After our initial 90-minute appointment, and assuming there is a good fit and connection between us, the next step in my process – whether for psychotherapy or psychoanalysis – is to do a more formal assessment using objective, normed, standardized, reliable, and valid measures of:

  • Your problems in living (e.g., anxiety, depression, alcohol or substance use, etc.);
  • Your interpersonal strengths;
  • Your needs in relationships;
  • Your characteristic way of construing or understanding the interpersonal world.
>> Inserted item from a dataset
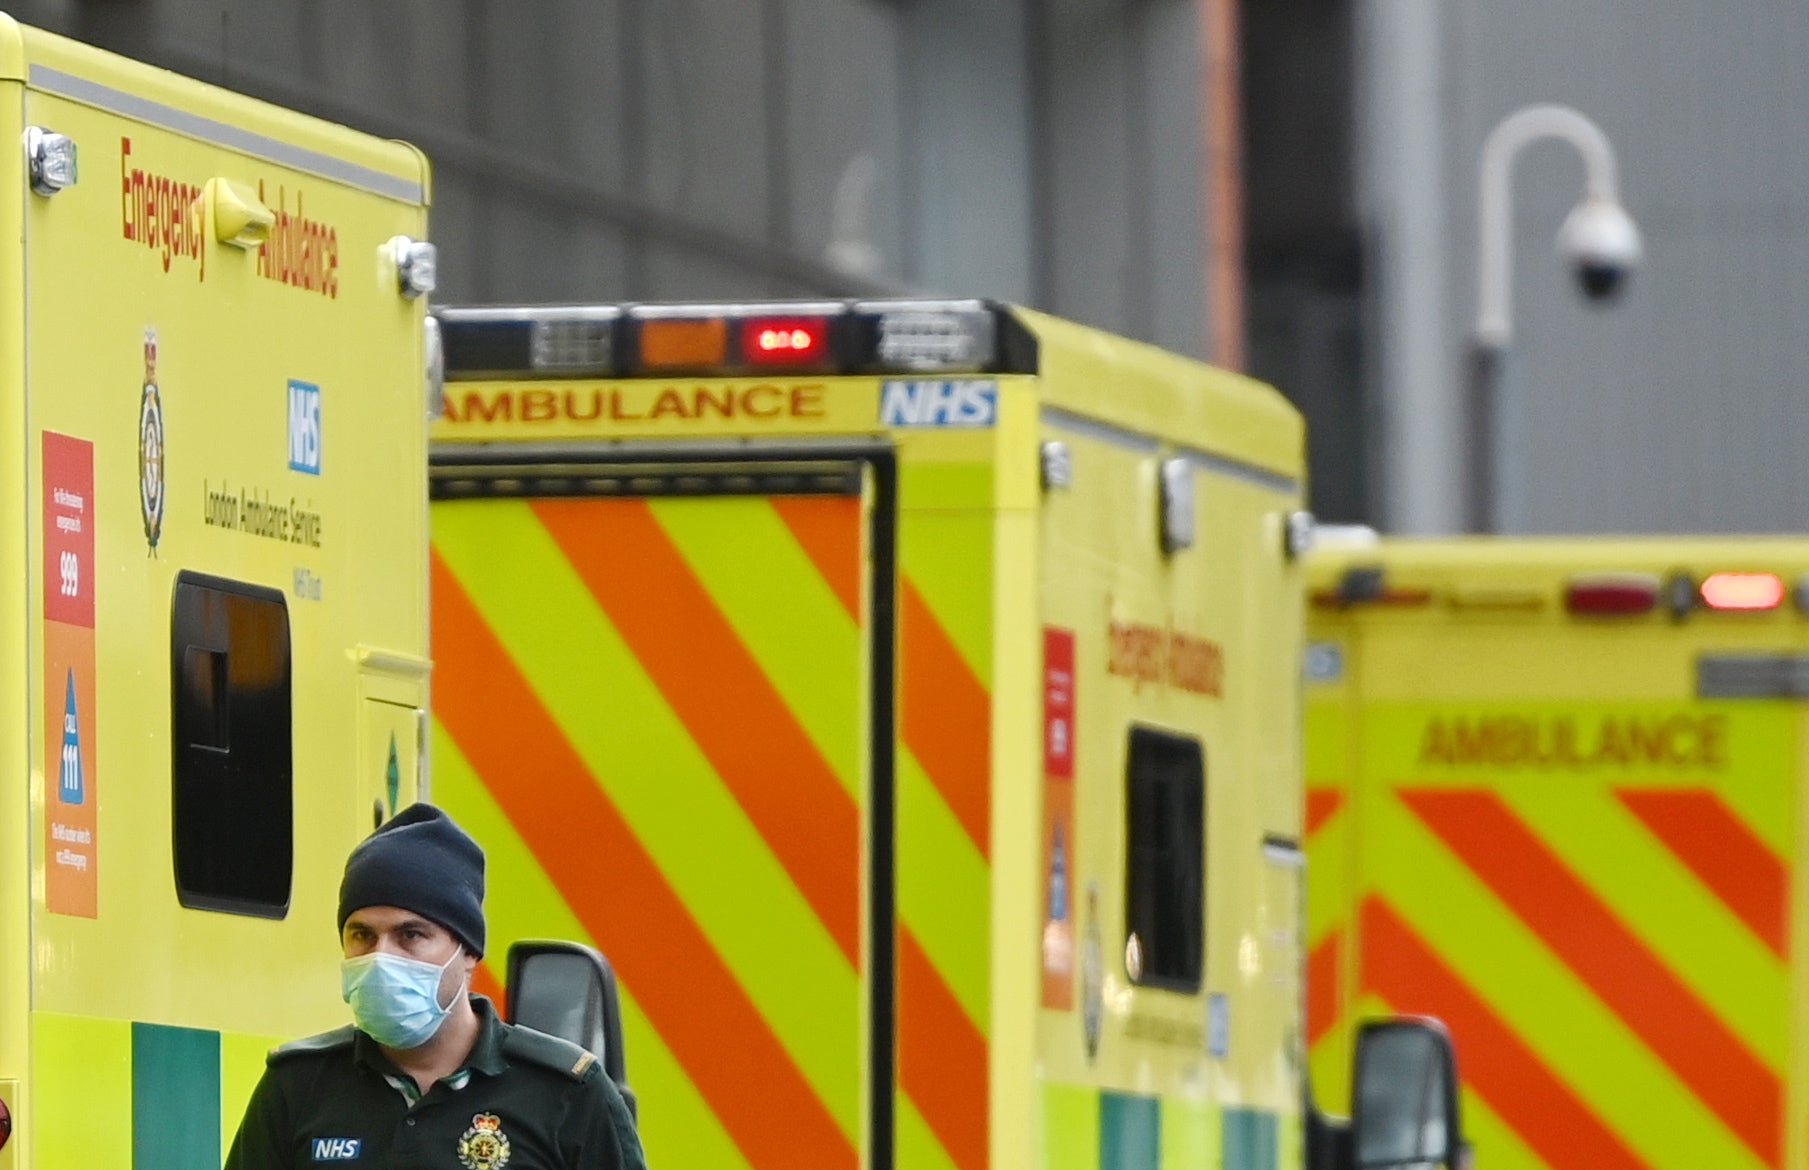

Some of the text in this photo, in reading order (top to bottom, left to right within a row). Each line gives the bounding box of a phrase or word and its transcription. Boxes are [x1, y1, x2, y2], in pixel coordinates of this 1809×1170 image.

Psychologists are specifically trained to develop and administer these kinds of tools, and I use the findings from them to give me perspective on the specificity, breadth, and intensity of your struggles, and to identify the personal strengths and areas of resilience you bring to the treatment project. While these instruments are not as precise as counting blood cells, they do give us a window into what it is like to be you – your subjective experience or inner narrative – which is a way to jump start the therapeutic process. Also, and this is particularly important, the resulting interpretation of findings is based on actuarial analysis. In essence, the psychologist uploads your responses to the questions on these instruments, and asks “what do we know based on empirical, peer reviewed, published research about people who respond to the items the way you did?” Thus, interpretations are driven by science, not intuition, and provide a vehicle for both asking you more questions about your current and previous lived experiences, as well as developing a treatment plan that helps you answer what I call

The Prime Directive:

Why does it make sense that I am having these sets of problems with these people in these situations in my life, and what can I do to be more effective and satisfied in these relationships.